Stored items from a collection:
++++

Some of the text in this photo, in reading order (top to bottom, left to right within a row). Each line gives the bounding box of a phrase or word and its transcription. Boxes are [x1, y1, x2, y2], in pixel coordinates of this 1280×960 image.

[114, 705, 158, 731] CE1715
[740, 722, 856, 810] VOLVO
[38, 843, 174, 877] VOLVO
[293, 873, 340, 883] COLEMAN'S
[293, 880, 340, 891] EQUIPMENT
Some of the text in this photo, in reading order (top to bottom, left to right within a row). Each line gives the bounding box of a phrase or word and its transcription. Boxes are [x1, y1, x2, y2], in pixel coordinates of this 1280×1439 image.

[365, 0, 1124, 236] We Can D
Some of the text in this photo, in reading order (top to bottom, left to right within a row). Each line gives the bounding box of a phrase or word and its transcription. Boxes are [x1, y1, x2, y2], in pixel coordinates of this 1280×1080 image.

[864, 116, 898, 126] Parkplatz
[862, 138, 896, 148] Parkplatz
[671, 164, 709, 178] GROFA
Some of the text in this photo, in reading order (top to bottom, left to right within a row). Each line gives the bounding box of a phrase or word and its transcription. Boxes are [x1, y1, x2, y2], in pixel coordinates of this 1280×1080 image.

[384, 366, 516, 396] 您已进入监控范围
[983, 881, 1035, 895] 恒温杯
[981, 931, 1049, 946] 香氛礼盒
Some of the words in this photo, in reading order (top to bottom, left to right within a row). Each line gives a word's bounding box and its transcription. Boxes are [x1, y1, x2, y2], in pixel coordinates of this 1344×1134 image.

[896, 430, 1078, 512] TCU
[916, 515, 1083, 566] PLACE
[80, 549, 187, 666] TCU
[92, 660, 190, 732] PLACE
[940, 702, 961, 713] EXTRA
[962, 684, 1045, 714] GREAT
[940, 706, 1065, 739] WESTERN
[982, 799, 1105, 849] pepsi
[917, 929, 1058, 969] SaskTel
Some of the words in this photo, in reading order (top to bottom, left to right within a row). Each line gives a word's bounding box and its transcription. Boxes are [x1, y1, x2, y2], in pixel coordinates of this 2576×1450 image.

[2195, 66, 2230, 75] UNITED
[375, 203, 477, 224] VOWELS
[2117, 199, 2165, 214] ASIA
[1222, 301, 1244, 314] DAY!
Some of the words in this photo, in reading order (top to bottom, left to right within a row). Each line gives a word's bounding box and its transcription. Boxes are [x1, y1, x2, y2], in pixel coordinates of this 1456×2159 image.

++++

TASK STATEMENT: Repeat only what runs from the line holding "this 2576×1450 image." to the end of the data, keeping every line exactly as written, first and last included.

EXERCISE OUTPUT:
Some of the words in this photo, in reading order (top to bottom, left to right within a row). Each line gives a word's bounding box and its transcription. Boxes are [x1, y1, x2, y2], in pixel coordinates of this 2576×1450 image.

[2195, 66, 2230, 75] UNITED
[375, 203, 477, 224] VOWELS
[2117, 199, 2165, 214] ASIA
[1222, 301, 1244, 314] DAY!
Some of the words in this photo, in reading order (top to bottom, left to right within a row). Each line gives a word's bounding box and its transcription. Boxes are [x1, y1, x2, y2], in pixel coordinates of this 1456×2159 image.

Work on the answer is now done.